All of those currently awaiting execution in North Carolina were convicted and sentenced under the state's revised capital punishment law which became effective June 1, 1977. The revised law restored the death penalty for first degree murder, which is defined as willful, deliberate and premeditated killing or killing while committing another felony. In 1983, the General Assembly gave death row inmates the option to choose death by lethal injection. In 1998, the General Assembly eliminated execution by lethal gas, making lethal injection the state's only method of execution.

Past execution methods - Electrocution and Lethal Gas

Since the state of North Carolina assumed responsibility for capital punishment from the counties in 1910, there have been three methods to carry out executions, all at Central Prison in Raleigh.

For the first 28 years, the state used the electric chair. In 1936, the state first used the gas chamber. In 1983, persons to be executed were allowed to choose lethal injection or the gas chamber. In 1998, lethal injection became the state's only method of execution.

In the state's first execution on March 18, 1910, Walter Morrison was put to death in the electric chair. Morrison had been sentenced to death in Robeson Superior Court for rape. The electric chair continued to be used until July 1, 1938, when Wiley Brice, sentenced to death in Alamance Superior Court for murder, was executed.



While the electric chair was still in use as late as 1938, the state had begun using the gas chamber several years earlier. Allen Foster, sentenced to death in Hoke County for murder, became the first person put to death in the state's gas chamber on January 24, 1936.

In 1983, the General Assembly gave death row inmates the option to choose death by lethal injection. Under this provision, the warden of Central Prison must be notified in writing by the inmate at least five days before the execution that he would prefer to die by lethal injection.

Of the ten persons put to death in North Carolina between 1984 and the elimination of lethal gas in 1998, two chose execution by lethal gas. In 1994, David Lawson did not request lethal injection and became the first person in 30 years to die by lethal gas. Four years later, Ricky Lee Sanderson became the last person executed in the state's gas chamber.

A statutory amendment was signed into law October 29, 1998, eliminating execution by lethal gas and making lethal injection North Carolina's only method of execution.

Asphyxiation by lethal gas

The execution chamber is an airtight compartment. A wooden chair with high back, arm rests and foot rest was mounted against the chamber's back wall. A steel door is to the left of the chair (as viewed from the witness chamber), and the control room is to the right.

The chair is equipped with a metal container beneath the seat. Cyanide is placed in this container. A metal canister is on the floor under the container filled with sulfuric acid solution.

When executioners turn three keys in the control room, an electric switch causes the bottom of the cyanide container to open allowing the cyanide to fall into the solution and produce the lethal gas. Inhalation of this gas renders the victim unconscious. Death usually occured within six to eighteen minutes.



A heart monitor will be attached to the inmate which can be read in the control room by a staff member.
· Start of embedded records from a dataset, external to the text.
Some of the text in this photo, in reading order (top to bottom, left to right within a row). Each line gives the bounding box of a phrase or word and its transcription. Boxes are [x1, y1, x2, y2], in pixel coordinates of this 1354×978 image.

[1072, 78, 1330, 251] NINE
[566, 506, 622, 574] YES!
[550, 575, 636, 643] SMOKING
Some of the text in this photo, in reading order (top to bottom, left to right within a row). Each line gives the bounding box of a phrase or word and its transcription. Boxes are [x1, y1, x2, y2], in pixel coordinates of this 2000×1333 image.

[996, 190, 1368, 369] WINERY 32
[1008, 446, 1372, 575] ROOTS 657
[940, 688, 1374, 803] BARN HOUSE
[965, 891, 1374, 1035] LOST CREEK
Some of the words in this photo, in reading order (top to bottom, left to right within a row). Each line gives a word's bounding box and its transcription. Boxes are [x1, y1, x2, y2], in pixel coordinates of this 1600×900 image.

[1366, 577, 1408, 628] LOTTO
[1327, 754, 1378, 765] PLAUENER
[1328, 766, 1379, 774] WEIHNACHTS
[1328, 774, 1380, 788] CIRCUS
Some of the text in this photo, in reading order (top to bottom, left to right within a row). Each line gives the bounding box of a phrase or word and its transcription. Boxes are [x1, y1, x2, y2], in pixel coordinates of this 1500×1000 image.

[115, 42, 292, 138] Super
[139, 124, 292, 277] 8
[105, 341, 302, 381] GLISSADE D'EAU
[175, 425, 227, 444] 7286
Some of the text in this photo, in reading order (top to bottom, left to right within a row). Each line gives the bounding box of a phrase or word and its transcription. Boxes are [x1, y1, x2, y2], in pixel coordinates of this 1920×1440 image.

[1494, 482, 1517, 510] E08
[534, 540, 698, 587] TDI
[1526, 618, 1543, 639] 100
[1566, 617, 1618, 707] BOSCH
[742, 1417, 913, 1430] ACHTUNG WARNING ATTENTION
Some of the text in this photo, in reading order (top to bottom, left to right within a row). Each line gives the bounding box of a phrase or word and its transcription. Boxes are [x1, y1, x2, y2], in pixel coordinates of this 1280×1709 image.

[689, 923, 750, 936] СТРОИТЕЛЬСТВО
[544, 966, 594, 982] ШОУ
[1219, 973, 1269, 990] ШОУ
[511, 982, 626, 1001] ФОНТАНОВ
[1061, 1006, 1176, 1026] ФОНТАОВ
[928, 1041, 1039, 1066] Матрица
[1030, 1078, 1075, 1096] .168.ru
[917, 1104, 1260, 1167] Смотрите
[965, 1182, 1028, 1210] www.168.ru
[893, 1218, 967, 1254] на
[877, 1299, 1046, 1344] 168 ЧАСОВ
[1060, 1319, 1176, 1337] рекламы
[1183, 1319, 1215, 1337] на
After the warden pronounces the inmate dead, ammonia is pumped into the execution chamber to neutralize the gas. Exhaust fans then pump the inert fumes from the chamber into two scrubbers that contain water and serve as a neutralizing agent. Members of the prison staff then enter the chamber and remove the body for release to the county medical examiner.

After execution by lethal gas was eliminated by the state legislature in 1998, the wooden execution chair then in use was removed from the chamber at Central Prison. The chair is now part of the collection at the North Carolina Museum of History and is occasionally displayed.